Always anxious to explore a remote corner of our natural world before entering civilization, our first stop from Bonaire to Curaçao is Klein Curaçao—a tiny, flat desert island with a white sand beach, five huts, and a lighthouse.

The lighthouse seems an irony.

While its very purpose is to emit light for navigational guidance, the light that shines onto the lighthouse warrants nearly as much attention. Throughout the night, this 66-foot colorless monolith stands silhouetted against a black sky, dutifully fulfilling its job with its rotating beam of light. Hours later, dawn arrives and the sky quietly transforms this working vessel into a photographer’s dream.

It is the sky that declares this shift change, permitting its subject to finally rest while the artist decides which palette of colors to choose from. This morning, the selection is a combination of reds and pinks and oranges to compliment the lighthouse patina of white concrete blocks and peeling coral paint. Rays of emerging light shine through rock-lined windows as the sun rises from behind the Eastern horizon.

In an instant, the rays are gone.

The canvas is ripped from its easel and the striking bright colors spill together into a diluted, ordinary brown. The hot, bright sun takes over the brush, promising another cloudless day because that’s what the people want. With no job to perform, the lighthouse seems lifeless during the day. Even the sun seems to have taken an extended lunch break, leaving the tower rather colorless in its hazy light. The house looks hot and lonely, but it is not alone. The people have come to visit.

They clutter the canvas peering through windows and doors, waving and shouting, and photographing their new sunburnt colors against older fading colors of red.
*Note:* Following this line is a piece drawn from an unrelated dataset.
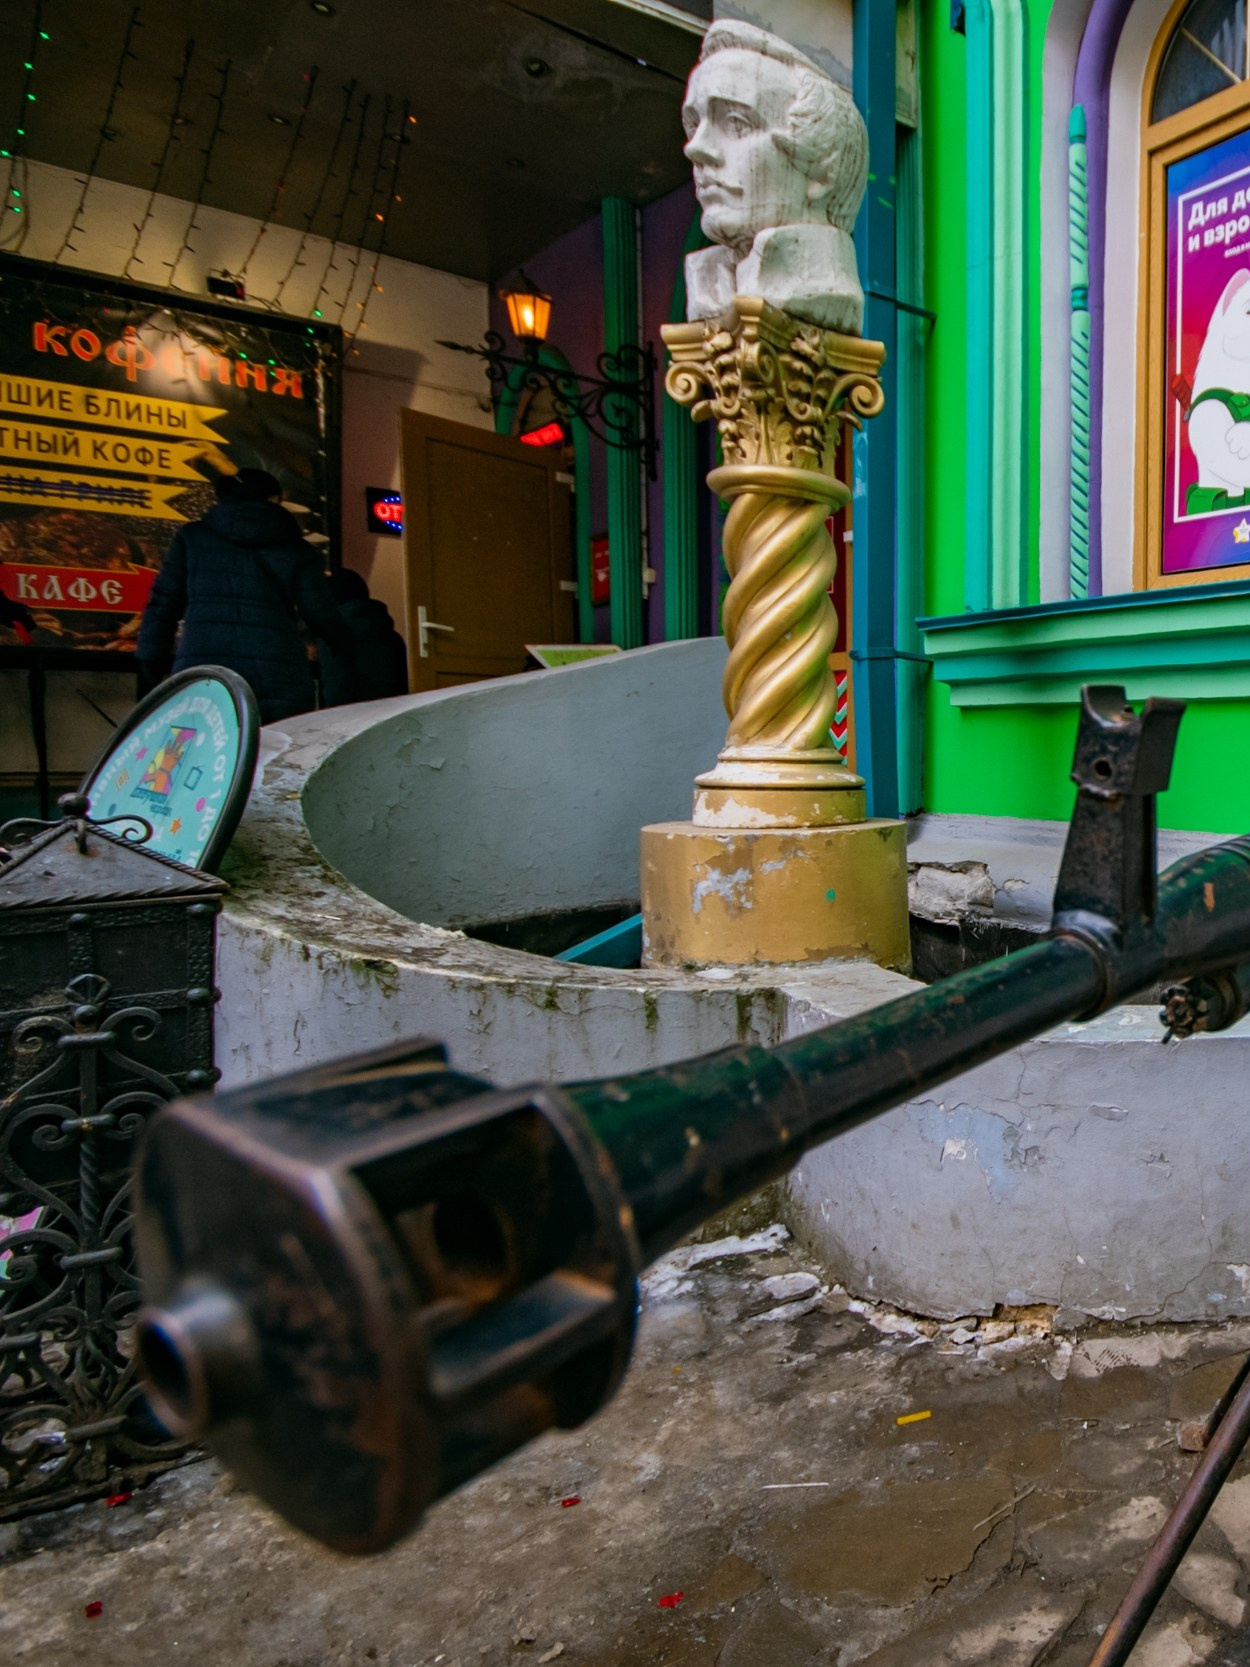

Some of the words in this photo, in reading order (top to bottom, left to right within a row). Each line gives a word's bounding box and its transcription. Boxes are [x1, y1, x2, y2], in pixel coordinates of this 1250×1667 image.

Up close, the lighthouse is cool to the touch and even cooler inside.The narrow stone staircase spirals upward to the rock windows, showing off a panoramic view that the lighthouse finds simply ordinary.

Puddles of stagnant water have collected beneath the broken floorboards, creating a breeding ground for mosquitos and sadly, a repository for plastic cups and cigarettes that the people have left behind. Shadows now assume the artist’s role and cast clear geometric lines of light across doorways and window sills. Flecks of paint are captured in the light uncovering colors during the brief 180 years when the people competed for the role of artist.

It’s not until evening, when the tour boats whisk away the people, that the sun grows weary of its job and begins to fade. Color returns to the sky. Clouds that have been waiting patiently on the horizon until the sun is finished, finally get their turn above the lighthouse. They race in, anxious to show off before the sky turns dark with nighttime. Large, overstuffed pockets fill heavy with rain. The sky is conflicted. Should it choose the long, stiff brush dipped in sparkling silver and draw zig zag lines across the roof of the lighthouse? Or should it angrily slam close the easel, smashing the billowing clouds into blurry droplets that nearly erase the house entirely?

The sky decides instead to allow the clouds and the sun to be the artist. With clouds still building in deep gray color and texture just above the tower, the sun casts a final glow onto the lighthouse, placing its subject in a spotlight of pale yellow. The contrast is extraordinary and the sky is pleased.

The easel is put away and the lighthouse resumes its nighttime duty. The beam of light begins again, warning the people not to come until the sky awakens.

In my mesmerized state, I realize I have forgotten my camera. Today I have been only a witness.